- Requirement: Would you print every entry below exactly as written, omitting the images?

*** Study material ***

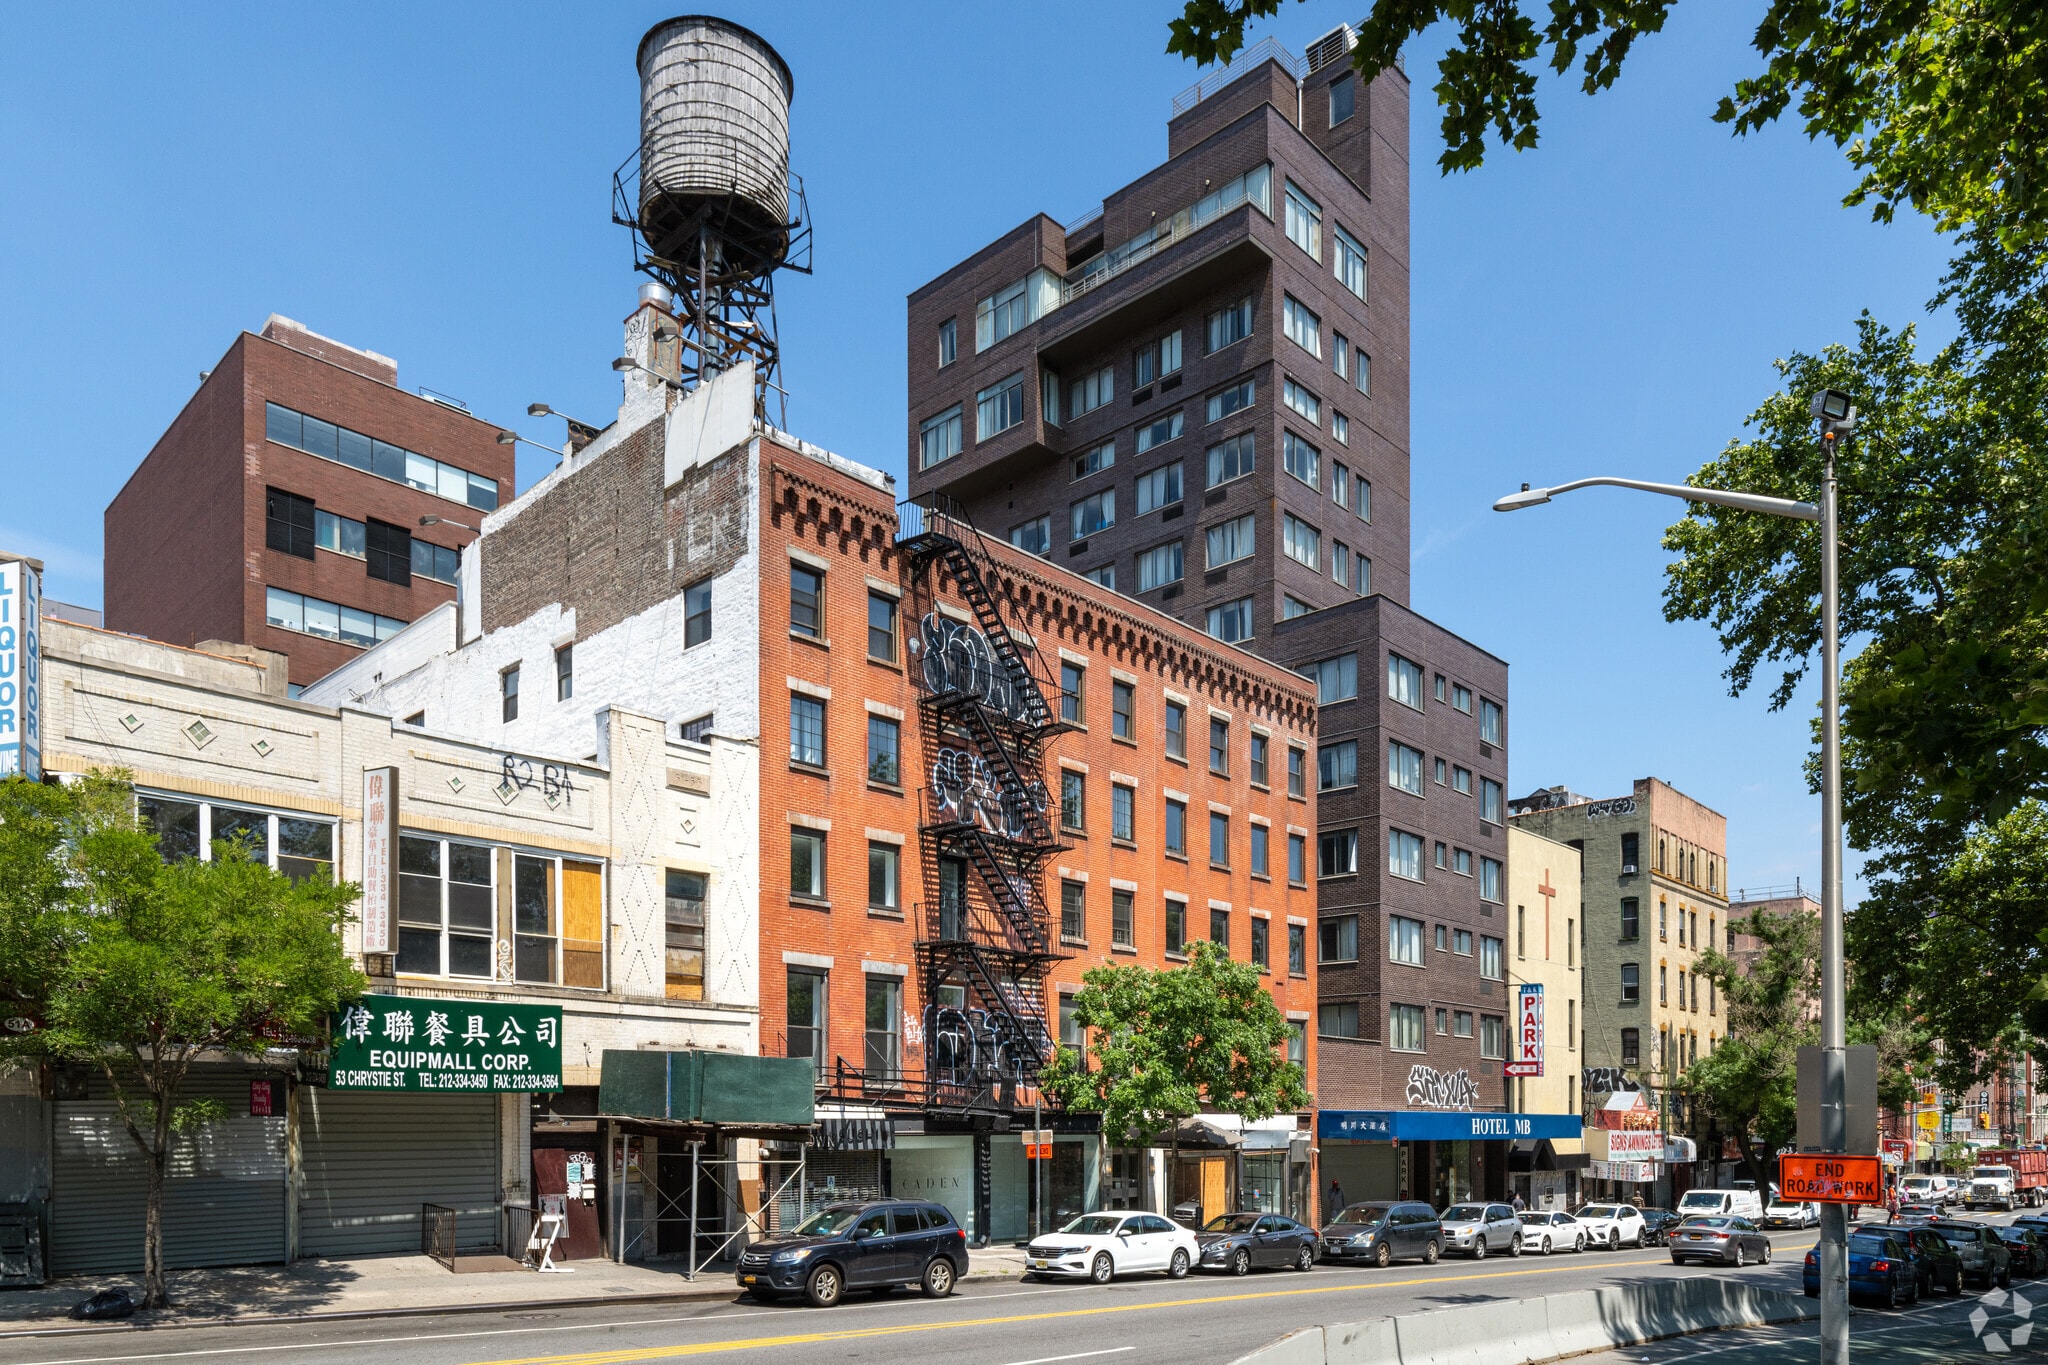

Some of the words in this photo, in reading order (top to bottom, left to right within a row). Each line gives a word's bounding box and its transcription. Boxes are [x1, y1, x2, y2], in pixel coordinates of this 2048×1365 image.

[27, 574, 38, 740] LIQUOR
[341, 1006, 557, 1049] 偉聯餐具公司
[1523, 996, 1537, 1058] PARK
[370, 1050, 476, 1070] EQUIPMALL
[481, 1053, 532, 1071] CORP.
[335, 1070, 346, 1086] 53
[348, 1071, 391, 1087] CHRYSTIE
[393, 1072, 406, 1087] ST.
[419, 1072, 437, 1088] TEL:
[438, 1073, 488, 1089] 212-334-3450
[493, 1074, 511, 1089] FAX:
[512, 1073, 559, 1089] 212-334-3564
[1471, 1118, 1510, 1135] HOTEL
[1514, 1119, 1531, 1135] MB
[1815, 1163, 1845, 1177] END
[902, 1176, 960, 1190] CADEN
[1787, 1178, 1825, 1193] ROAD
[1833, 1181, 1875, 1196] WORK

*** End of Study material ***

- Solution for this exercise:
Some of the words in this photo, in reading order (top to bottom, left to right within a row). Each line gives a word's bounding box and its transcription. Boxes are [x1, y1, x2, y2], in pixel coordinates of this 2048×1365 image.

[27, 574, 38, 740] LIQUOR
[341, 1006, 557, 1049] 偉聯餐具公司
[1523, 996, 1537, 1058] PARK
[370, 1050, 476, 1070] EQUIPMALL
[481, 1053, 532, 1071] CORP.
[335, 1070, 346, 1086] 53
[348, 1071, 391, 1087] CHRYSTIE
[393, 1072, 406, 1087] ST.
[419, 1072, 437, 1088] TEL:
[438, 1073, 488, 1089] 212-334-3450
[493, 1074, 511, 1089] FAX:
[512, 1073, 559, 1089] 212-334-3564
[1471, 1118, 1510, 1135] HOTEL
[1514, 1119, 1531, 1135] MB
[1815, 1163, 1845, 1177] END
[902, 1176, 960, 1190] CADEN
[1787, 1178, 1825, 1193] ROAD
[1833, 1181, 1875, 1196] WORK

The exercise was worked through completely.